First, Bielema proposes that offenses need to wait 10 seconds before snapping the ball, thus effectively killing any no-huddle offenses. Never mind the fact that should a defender not get up following a play, there’ll be a stoppage. Surely he’s never used this to his advantage before at any time during his career, so how could he possibly know that?

Then, to support his argument, he disregards any and all shame in saying that to continue with such play may very well result in deaths. To put a face to his argument (because this idiocy needs some evidence, you see), he brings up the tragic loss of California Bears defensive lineman Ted Agu.

There’s a slight problem with that argument, coach. Agu’s autopsy was “conducted to determine exact cause of death but the results were initially inconclusive,” according to 23ABC News.

Bielema took to Twitter on Friday to issue something loosely resembling an apology:

Apparently, Bielema had no idea what he was saying, and that it might be one of the most idiotic things we’ve heard during the college football offseason so far. He issues condolences toward Agu’s family and Cal, which is a good start, but something’s missing.

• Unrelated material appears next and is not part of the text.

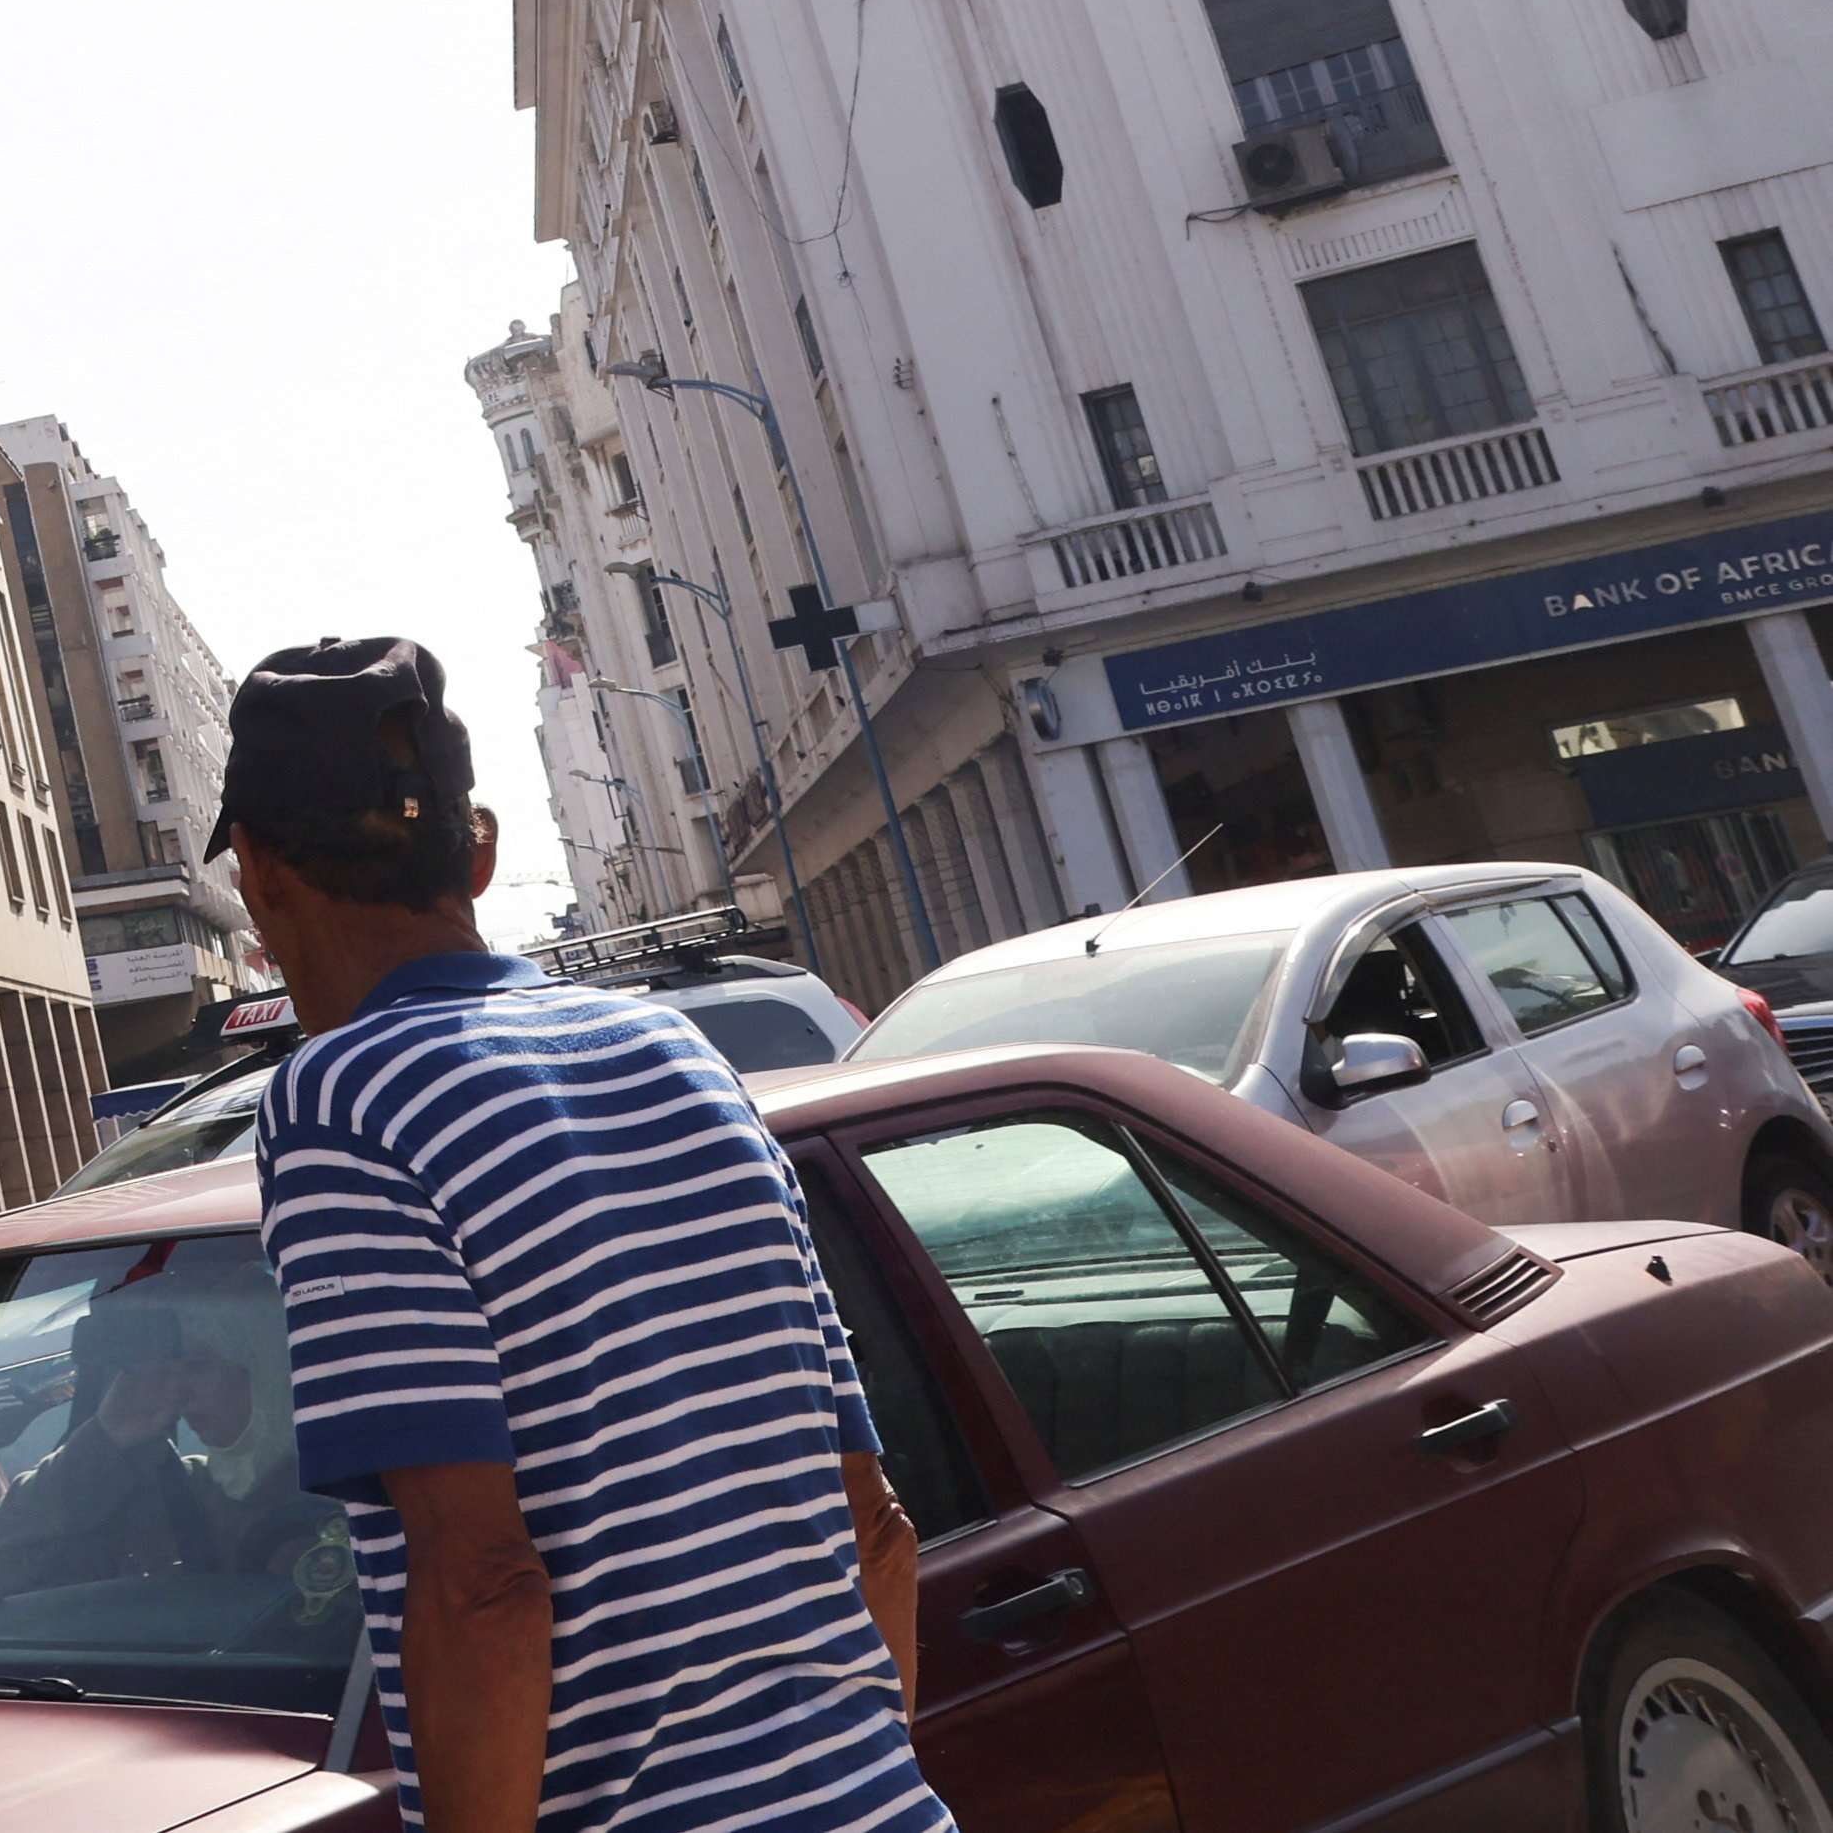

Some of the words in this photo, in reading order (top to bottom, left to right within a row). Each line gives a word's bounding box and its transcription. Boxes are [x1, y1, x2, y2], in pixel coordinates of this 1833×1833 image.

“I regret my actions.” “It was simply a stupid thing to say.” “I’m sorry”. Any of these would’ve worked. For whatever reason, the Razorbacks’ head coach (or the intern that wrote this up for Twitter’s amusement) didn’t put enough thought into the empty apology to actually use one.

While Steve Spurrier is throwing verbal left and rights at Nick Saban for backing Bielema’s moronic proposal, the man who originally brought it to the table is suffering the most.

Don’t ask me for sympathy. He’s doing everything he can but literally beg for the heat. Don’t worry, Razorbacks, you’ll get front page attention. Bielema doesn’t even have to win to do that.